Silence is Insanity / Audio Test
by Adam Riser
Last season I was stuck in line after the gondola broke down. People were getting anxious, and the lifties decided to keep them entertained by starting the (expletive) Hokey Pokey, of all things. The people in line were less than amused, and the dance was short-lived. I ended up with that stupid song stuck in my head for the remainder of the day. Every time I did a front lip on a rail it was was accompanied with "ya put your left foot in." It finally became so bad that I left early and blasted my car radio in the parking lot to avoid permanent insanity. I vowed to never again go to the resort without my own music.
Good tunes prevent Hokey Pokey Syndrome and help you drown out that jerk talking on his phone while he rides the lift. Cranking your favorite song can also deliver the extra boost you need to throw that seven or finally stick the rainbow rail. Snowboarders now have tons of options when it comes to bringing tunes to the slopes. We tested a smattering of options to save you the potentially expensive process of figuring out what works best.
Tape Player: Despite the tape player's old school image, it's actually a very good method to bring tunes to the slopes. The main advantage is that tape players don't skip when you ride bumpy terrain. Plus, they're relatively cheap, so you won't be jaded when you take a digger on a rail and crush the poor thing to pieces. However, skipping a song takes forever, and busting out a Walkman on the tram almost always causes people to laugh at you. Those really dedicated to the anti-technology age should search out a portable 8-track player. Find some REO Speedwagon 8-tracks at a thrift store, and you're set to rebel against the digital age.

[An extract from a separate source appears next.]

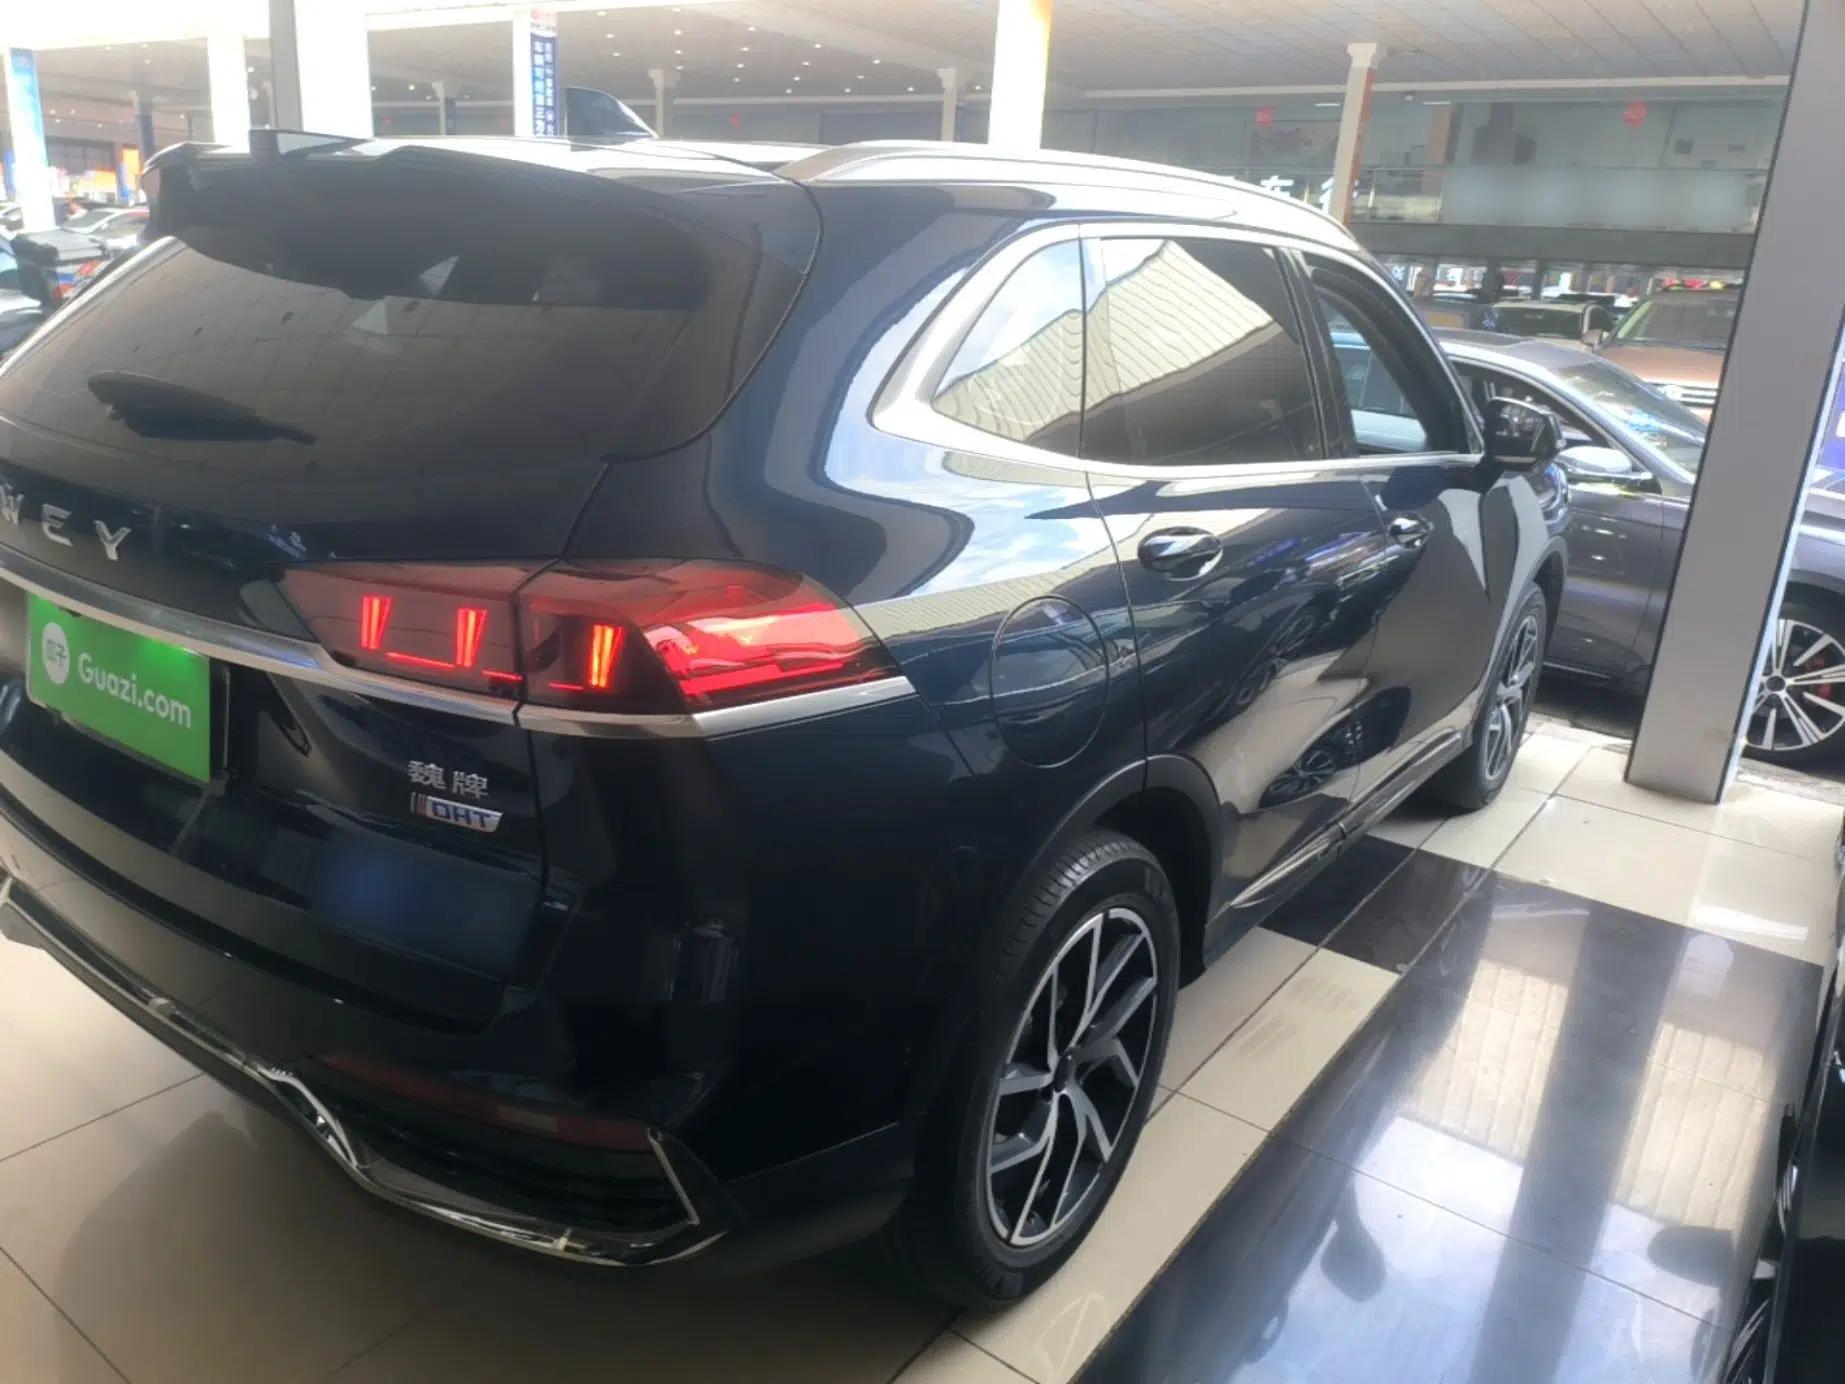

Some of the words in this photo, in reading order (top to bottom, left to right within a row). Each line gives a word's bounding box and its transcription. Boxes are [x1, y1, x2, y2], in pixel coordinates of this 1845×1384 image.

CD Player: CD's have an obvious technological advantage over tapes, but their drawbacks make them an inferior choice when you snowboard. The main problem is that CD's skip. Unless you ride smooth groomers all day, leave the CD player hooked to the tape adapter in your beater car.
Boom Box: It takes real guts to hit the hill with a boom box over your shoulder. Make sure you have either a bright neon one-piece suit or an all-leather outfit with a spiked collar and bracelets. The choice is yours, but you must listen to music that matches your outfit. It helps your theme if can bust brake dance moves on the groomers while you make your run. Good luck not getting beat up.
AM/FM Headphones: No skipping CD's, no expensive über-electronics, just pure radio bliss. However, you are likely to be ridiculed worse than a kid picked last for kickball. If you show up in a skin-tight one-piece suit, rear-entry boots, and goggles at least 20-years old, people may take pity and leave you alone. Do they even play music on the radio anymore?
MP3 Player: If you happen to be one of the seven people on this planet who doesn't own an iPod or other MP3 player, get on the internet and figure it out. They are the answer. Period.
How to get music from your iPod to your ears.
Audio Helmets: The Giro Bad Lieutenant, the Red Hi-Fi Audex, and the Smith Platform are just a few examples of the multitude of audio helmets on the market today. These brain buckets protect your dome while providing DJ-quality sound. Many audio helmets have in-line volume adjustment, and some even connect to your cell phone. Now you can talk to your friends on every lift ride without gathering nasty glares—people won't see a phone, so they'll just think you've gone insane and are talking to yourself. You can upgrade most relatively new helmets with audio ear-pads, so you don't have to buy a whole new brain bucket to listen to your favorite music.
Audio Beanies: Ingenious headphone beanies combine two seemingly incompatible products with a fluidity not seen since the invention of the radio flashlight. Headphone beanies like the Burton Basic Headphone Beanie provide studio-quality sound without all the hassles of wearing giant headphones over your beanie. Most audio beanies have in-line volume adjustment that eliminates the need to dig out your MP3 player when you want to turn up the sounds.
Earbuds: In-the-ear headphones known as earbuds offer the most versatile choice for on-mountain use. Models such as the Skullcandy Smokin' Bud Headphones have a low-profile design which allows them to be worn under your beanie or helmet. They also stash easily in your pocket if you would rather listen to the sounds of nature (and a chair lift, groomers, and people on two-way radios).
Headphones: Large DJ-style headphones like the Skullcandy Ti Stereo Headphones deliver top-notch sound quality and work well with a beanie. Their in-line volume adjustment lets you turn up the tunes without unzipping your jacket. The bulkiness of large headphones eliminates the stash-in-a-pocket option, so you must be dedicated enough to wear them all day. The debate rages as to whether you should wear your goggles strap over or under your headphones. Watch other riders for local custom.
A little test for the non-believers.
Still not convinced that audio accessories are worth the effort? Well, how about a little test. Sing along. You all know the words... "You put your right foot in, you take your right foot out, you put your right foot in, and you shake it all about." Ha! Good luck getting that out of your head without some help.